Bound(ari)ed Rationality

These boundaries, which are themselves central tendencies for areas of human endeavor, can act as rough and ready reference points for a deeper discussion about the internal logic of the model. I will first illustrate the point with the example of Freedom. Discussed by Haidt after his creation of the Five Moral Flavours, as the sixth flavour. This was the first flavour to go against his “issues related to binding groups together” (Graham, Haidt & Nosek, 2009, p. 1044)… except that maybe it wasn’t.

Isaiah Berlin (1959/2002[xxi]) wrote about positive and negative Liberty. I must admit, I find the broader discussion, after Berlin, to be quite bamboozling. Just as I think I’ve got a handle on what one thinker means by negative freedom, something comes along that derails that definition. So let me proffer a discussion on the idea of freedom based almost entirely on its location on the circumplex, and the approximate relationship to the other quadrants (to undertake this task on a value-by-value basis may eventually be of use, and may be the reason for my bamboozlement at the discussion as it currently exists, but for now I am keeping the discussion simple).
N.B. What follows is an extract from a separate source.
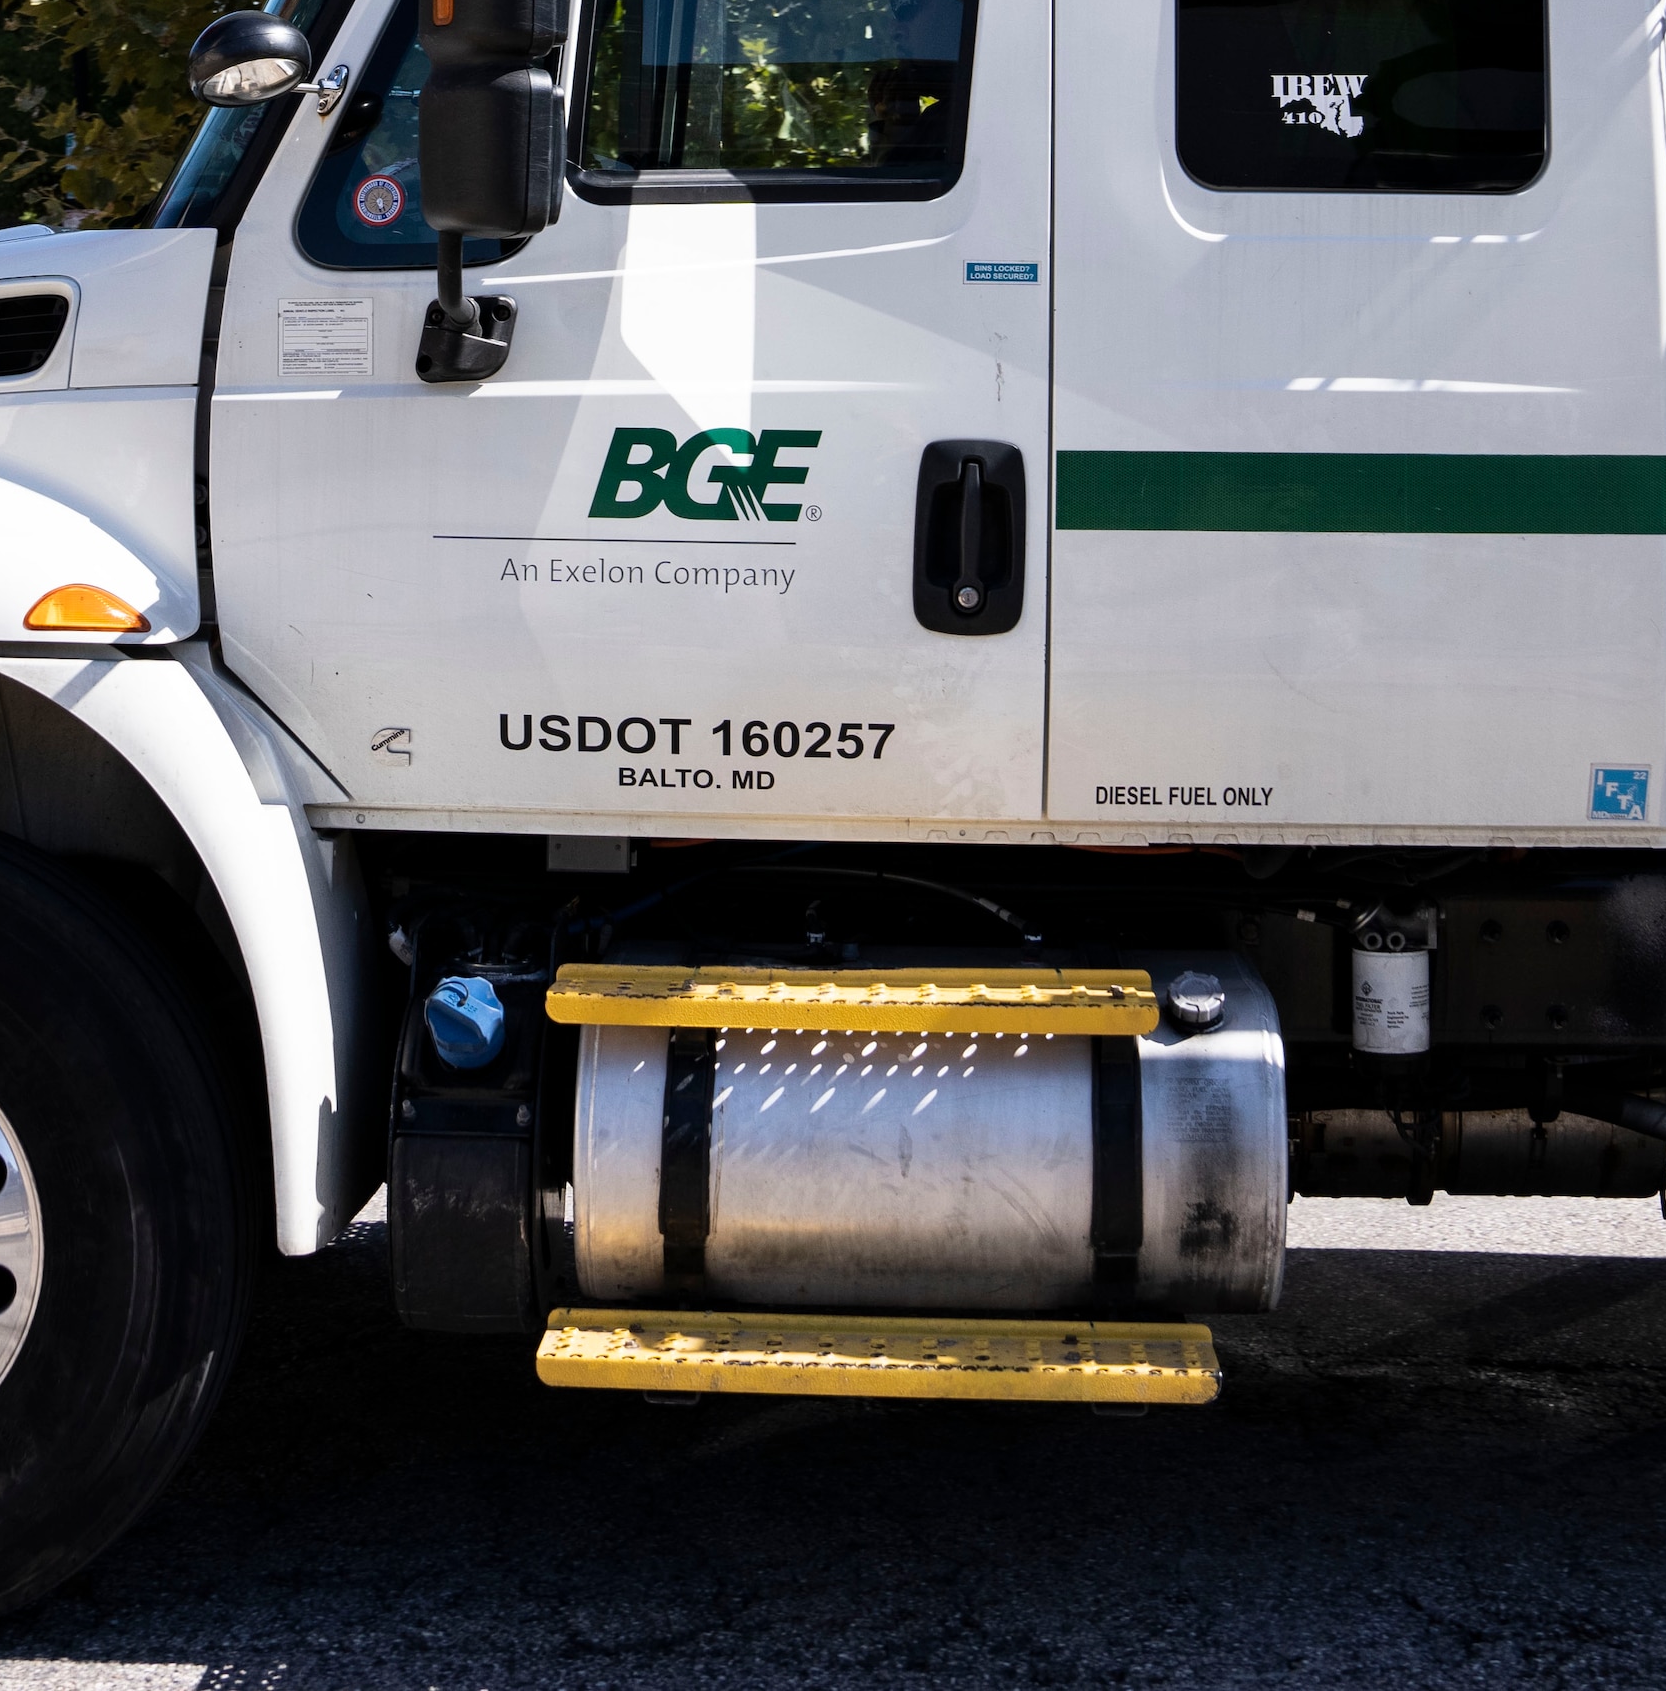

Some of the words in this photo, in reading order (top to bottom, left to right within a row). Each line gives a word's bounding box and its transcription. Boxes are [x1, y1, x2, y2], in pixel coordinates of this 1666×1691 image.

Let us start with the word itself, Freedom. It appears under the value of self-direction, alongside self-governance under the political heading of Egalitarian-Individualism. Its direct antithesis is Social Order, which appears under the value of security, alongside politics, under the political heading of hierarchical-communitarian. To be clear, freedom being antithetical to social order is a logical relationship between the concepts, and not indicative of their exact position on the circumplex – there is a degree of interpretation on my part. Freedom’s opposite if viewed through the lens of left vs. right/individual vs. societal may be seen as responsibility (which sounds like a discussion about the right of freedom vs. responsibility). If viewed as an entirely personal/internal struggle, then freedom’s opposite may be pleasure. However, these latter two, as far as logical relations are concerned, are orthogonal to freedom and social order on the circumplex, and in opposition to each other. As mentioned, on the left side is pleasure, which appears under the value of self-discovery, alongside spirituality (self-knowledge), under the political heading of hierarchical-individualist. On the right side is responsibility, under the value of benevolence, alongside religion, under the political heading of egalitarian-communitarian. I think there is as much tension between pleasure and responsibility as there is between freedom and social order, but equally I think they are all related. Note, again, that a balance between these views seems to give rise to integrity. The expression “Your right to swing your arms ends just where the other man’s nose begins” (Chafee, 1919, p. 957[xxii]) seems to balance freedom with social order, and pleasure with responsibility, pretty well.

If there is anything to the framework’s ability to clarify questions of morality, we should be able to derive answers to the following questions:

  • Does freedom derive its primary meaning from the higher-level value of self-direction?
  • Does politics put boundaries on freedom, grounded in concerns for social order?
  • If so, is political freedom just personal freedom in light of concerns about social order?
  • Is the right to self-determination (freedom by another name) predicated on or tempered by responsibility to one’s fellows?
  • Is the expression of freedom predicated on or tempered by mastery of internal factors, such as placing short-term gain (pleasure) ahead of long-term gain (freedom)?
  • Given their orthogonal relationship to freedom aren’t pleasure and responsibility just ways of saying ‘responsibility to yourself’ and ‘responsibility to others’, respectively?
  • And don’t both, therefore, bear on freedom’s relationship to social order?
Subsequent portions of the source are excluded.